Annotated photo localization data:
# # # # #

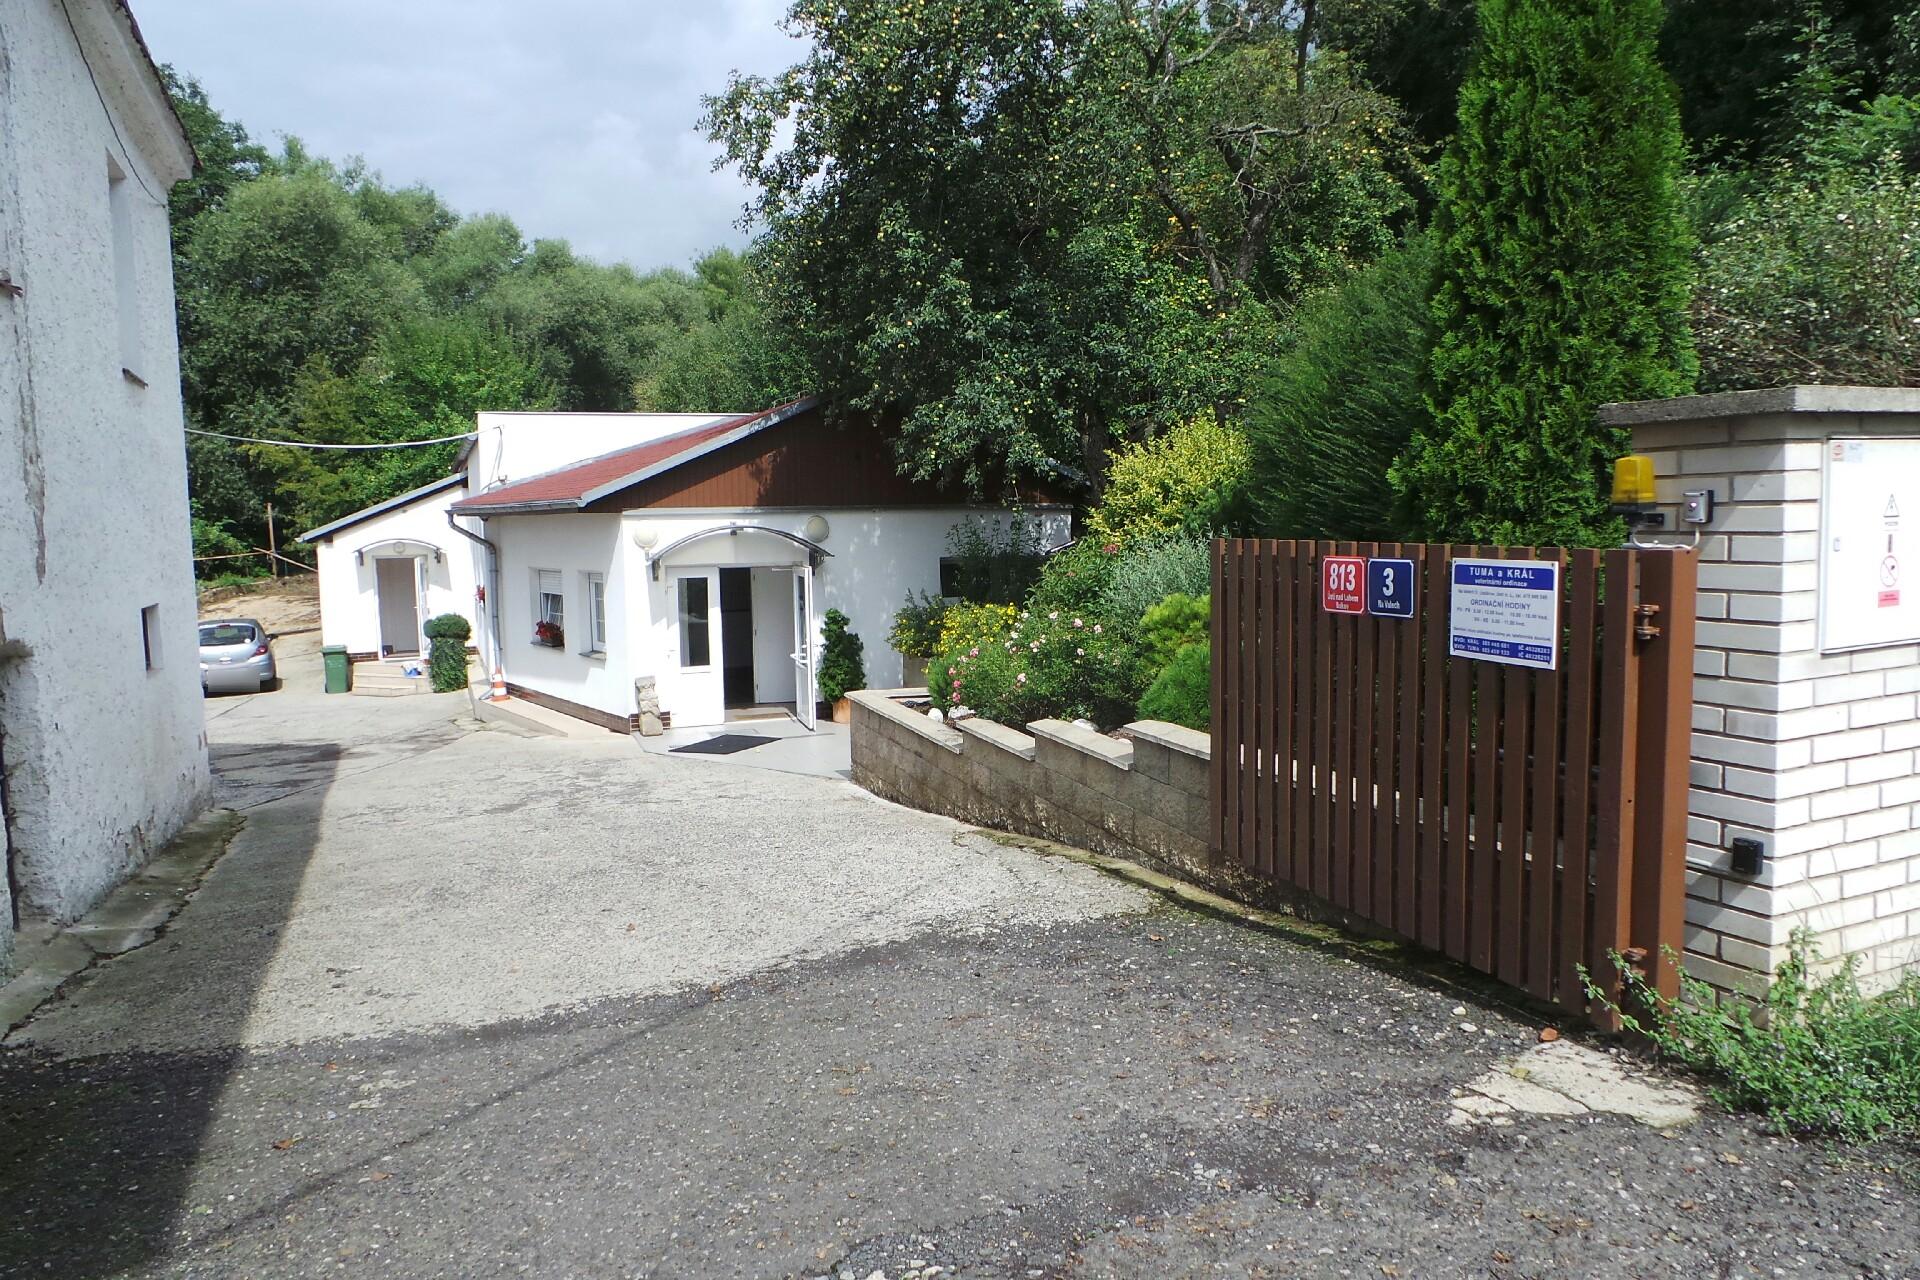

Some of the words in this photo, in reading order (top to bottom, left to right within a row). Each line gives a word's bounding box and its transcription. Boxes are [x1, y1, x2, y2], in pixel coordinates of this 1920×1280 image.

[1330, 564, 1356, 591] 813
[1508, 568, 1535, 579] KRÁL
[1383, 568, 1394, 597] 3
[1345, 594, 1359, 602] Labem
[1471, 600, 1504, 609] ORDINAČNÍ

# # # # #

Try it
Output the records above exactly as they are, leaving out the pictures.

Response to this exercise
Some of the words in this photo, in reading order (top to bottom, left to right within a row). Each line gives a word's bounding box and its transcription. Boxes are [x1, y1, x2, y2], in pixel coordinates of this 1920×1280 image.

[1330, 564, 1356, 591] 813
[1508, 568, 1535, 579] KRÁL
[1383, 568, 1394, 597] 3
[1345, 594, 1359, 602] Labem
[1471, 600, 1504, 609] ORDINAČNÍ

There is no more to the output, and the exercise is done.